As brain injuries and concussions continue to be a primary focus for in contact and collision sports, a new (yet familiar) drug may be a solution for the future: Medical marijuana.
Interestingly, recent studies (including an excerpt from the recent CNN program “Weed 3”) have shown medical marijuana to have a positive impact on a number of neurological conditions, including neurological damage following ischemic insults (including stroke or trauma), or the treatment of neurological diseases, including Alzheimer’s disease, Parkinson’s disease and HIV dementia. Of course, much more research needs to be compleed to validate these findings, but early reports do appear promising.

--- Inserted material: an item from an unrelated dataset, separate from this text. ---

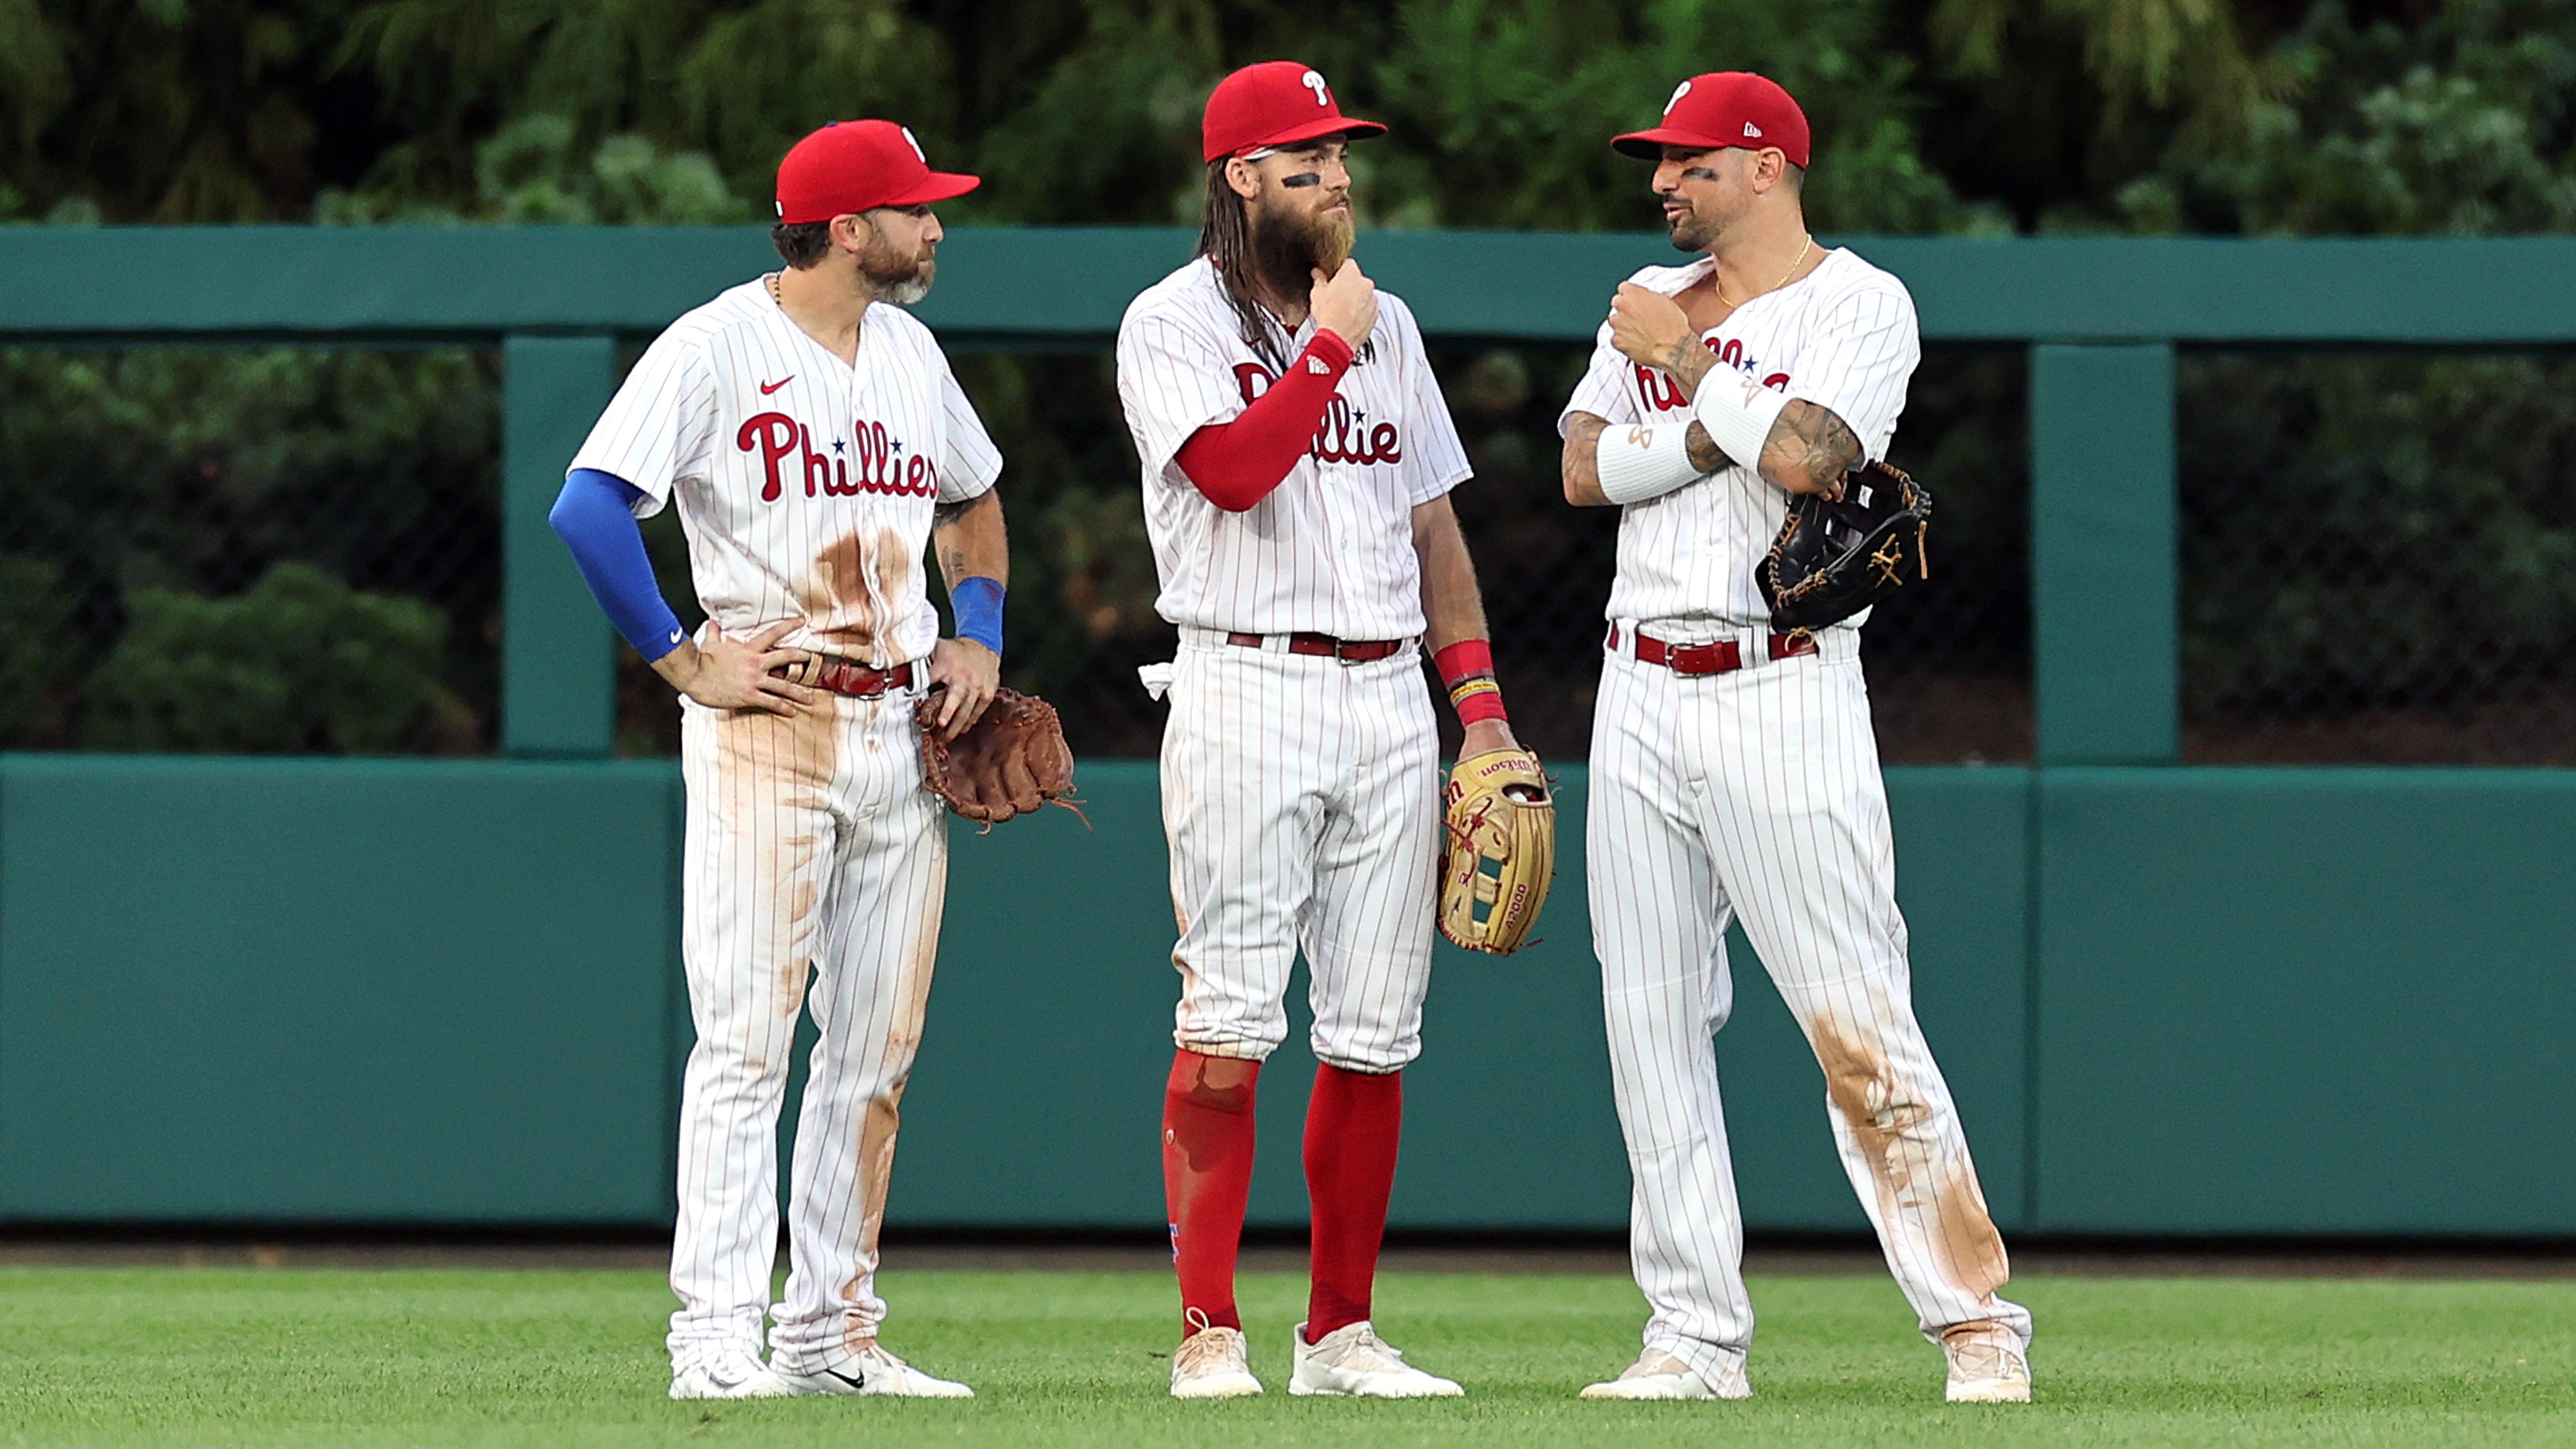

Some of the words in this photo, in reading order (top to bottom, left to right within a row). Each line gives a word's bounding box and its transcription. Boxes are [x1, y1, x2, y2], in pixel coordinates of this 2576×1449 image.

[737, 412, 938, 502] Phillies
[1480, 759, 1532, 777] Wilson
[1506, 884, 1527, 929] A2000
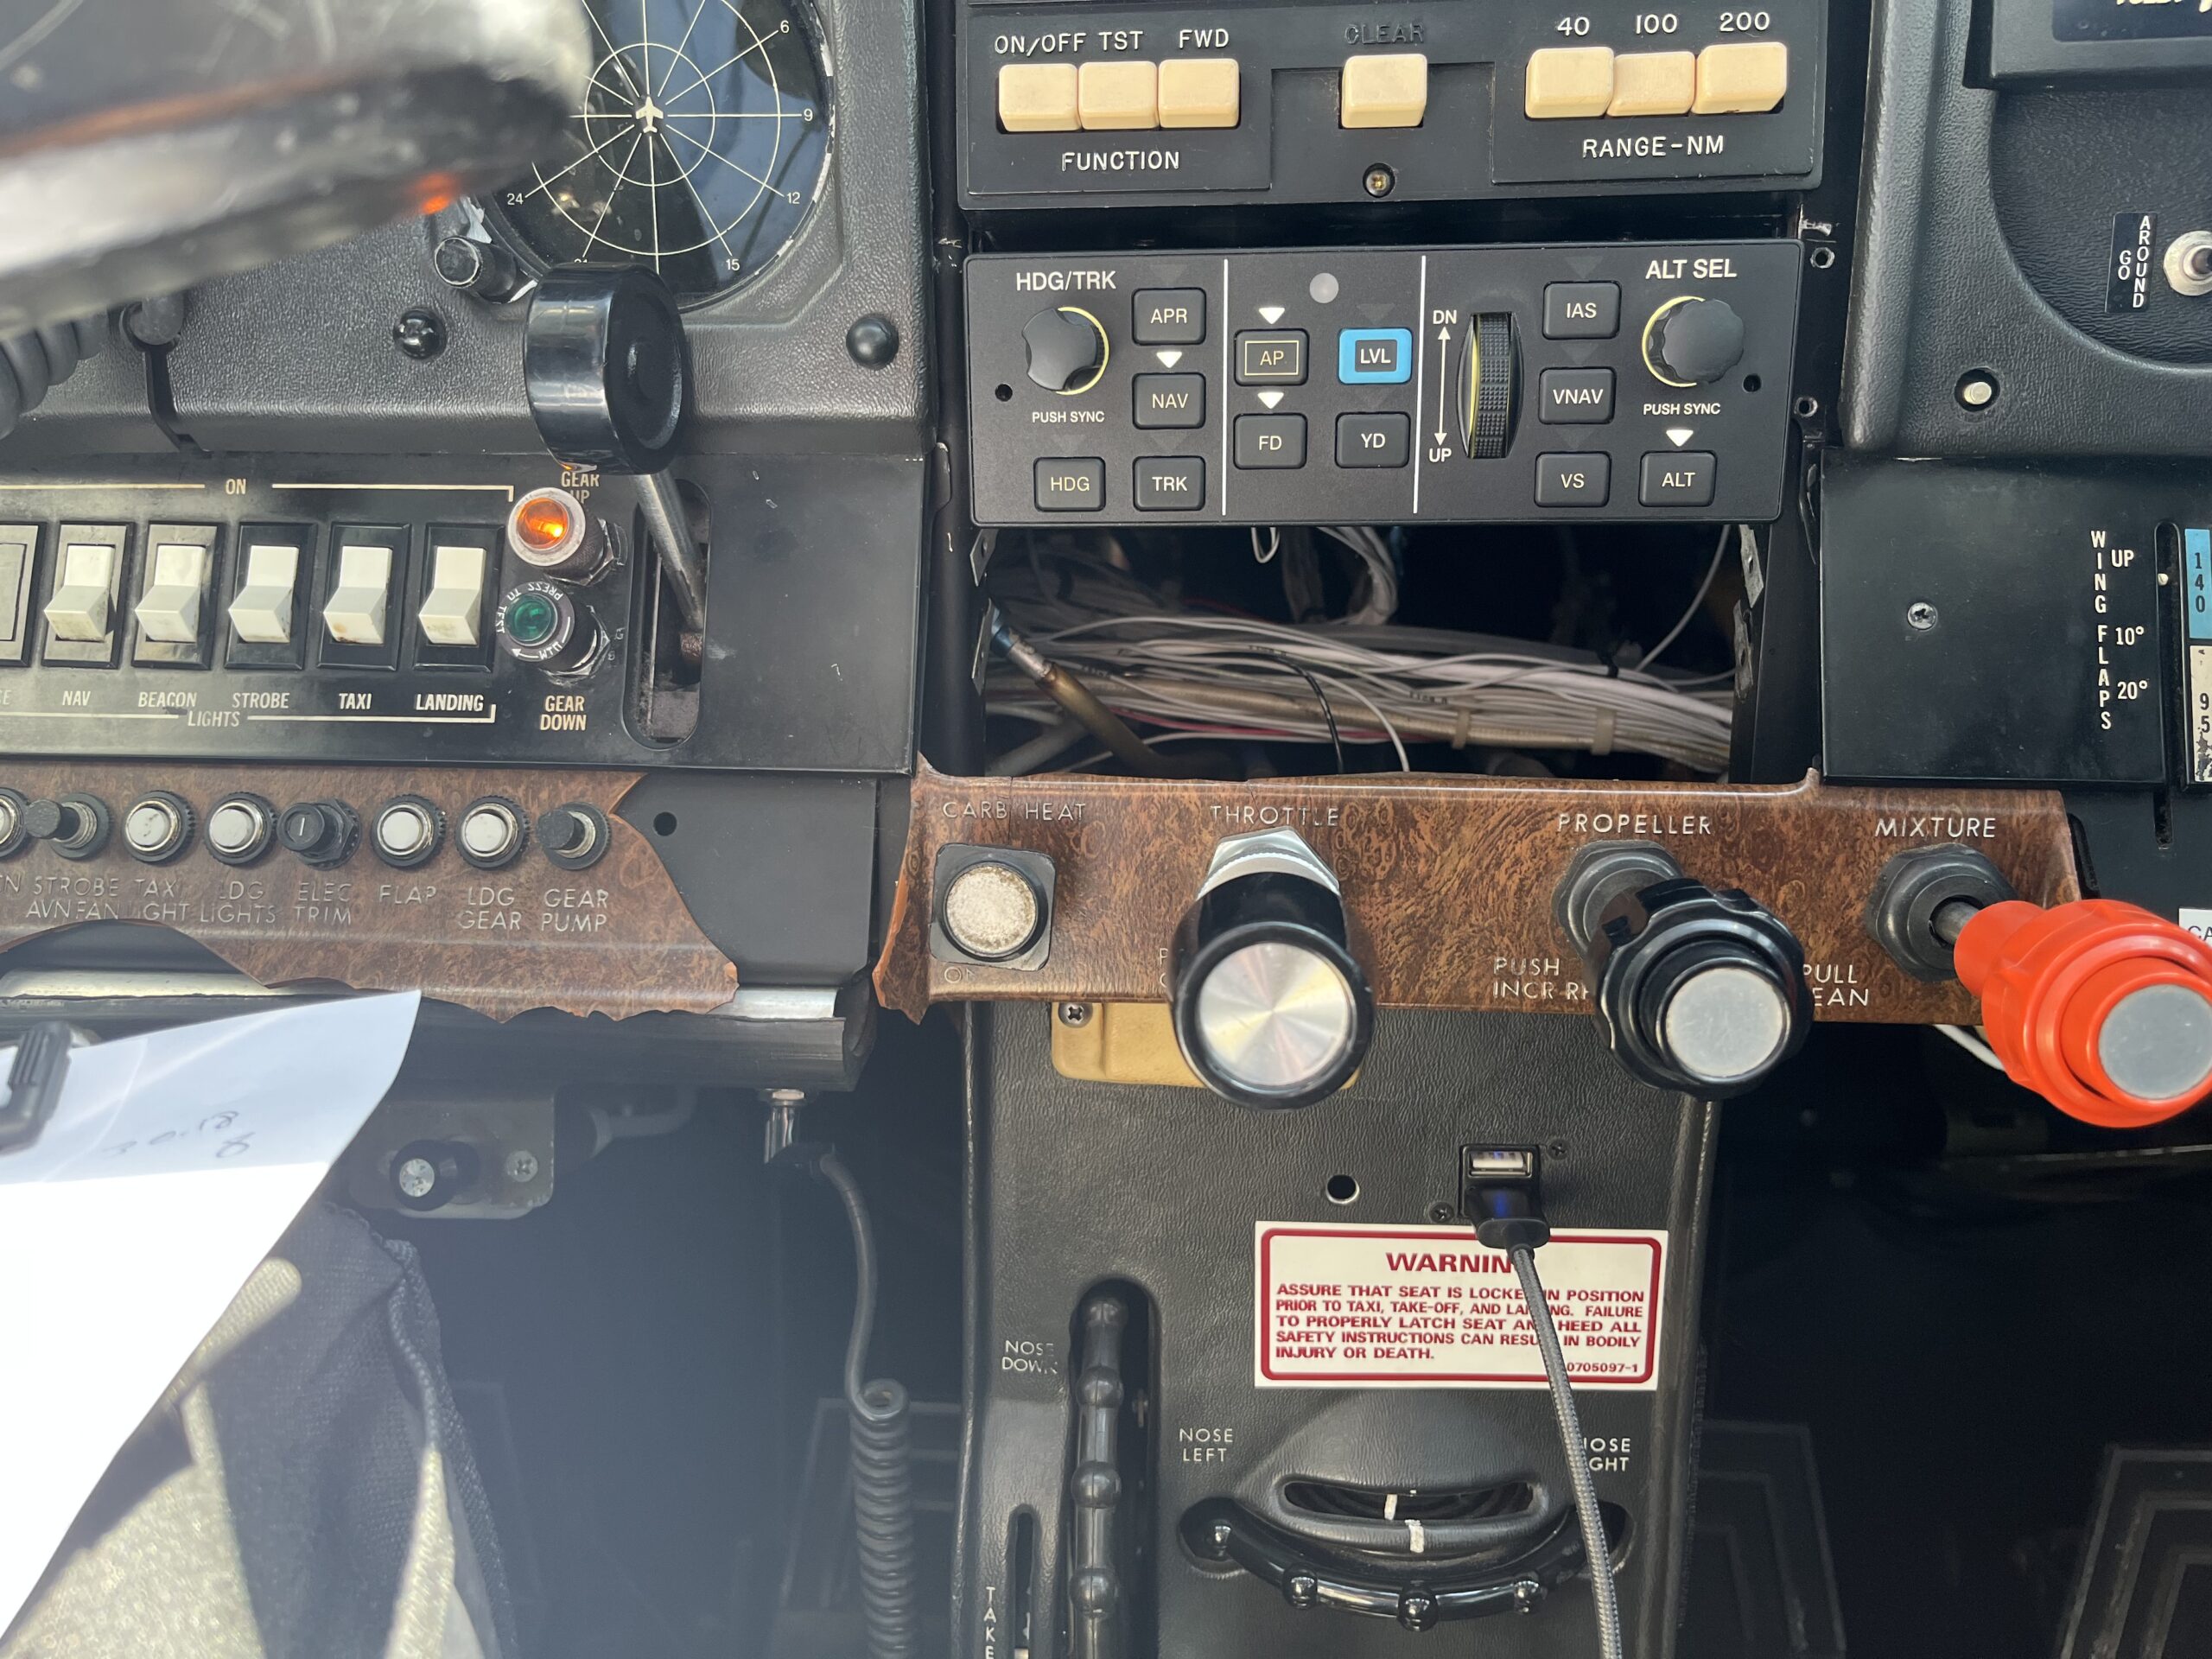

Medical marijuana and sports head injuries
Chronic Traumatic Encephalopathy (CTE) is a progressive degenerative disease of the brain found in athletes with a history of repetitive head trauma. Increasingly more NFL players have been diagnosed with CTE in recent years, prompting a more through investigation into on-field playing rules, safety equipment, and medicinal approaches to prevent/respond to the symptoms of CTE. Herein is where medical marijuana may help, according to some researchers.
“We’ve found in some clinical research that cannabidiol, CBD, acts as a neuroprotectant, so in the parlance of pharmaceutical sciences, we could be using that as a prophylaxis against repetitive concussive injury,” reports Dean Petkanas, CEO of KannaLife Sciences.
Will medicinal marijuana be used in the future to help athletes with brain injuries? If so, will this be a watershed moment that prompts a recalibration of how all drugs are viewed within the context of American sports? To date, there are many conflicting messages, including the banning of medical marijuana (which may prove to be useful in brain injuries), yet the acceptance of various psychotropic and pain medications (including opiates and ADHD psychostimulants) that have well established and serious side effects and addiction rates. What is good, bad, right, or wrong when it comes to drugs in sports needs an up-to-date, comprehensive overhaul it appears when you take these points into consideration.
The future
Without question there are still social and political layers impacting views on medicinal marijuana, but for scientists it’s a search for the truth — and this is where critical thinking, objectivity, and empirical science are the primary concerns. And for the thousands for former NFL players suffering from neurological damage, the prospect of using medical marijuana is seen as a potential drug to preserve the quality of life, not something to use simply to get high. In fact, there are already strains of marijuana that do not include THC (the substance responsible for the high marijuana gives), which may allow future users to gain the benefits of marijuana without changing cognition or mood states.
As a researcher, I don’t have a “horse in the race,” so to speak, as my only interest is in learning about the most effective means to minimize future head injury risks, as well as successfully treat athletes who have been traumatized from on-field collisions. Will medical marijuana play a role in helping athletes in the future? That remains to be seen, but there appears to be interest by scientists in learning more about the effects marijuana might have on athletic contact brain injuries.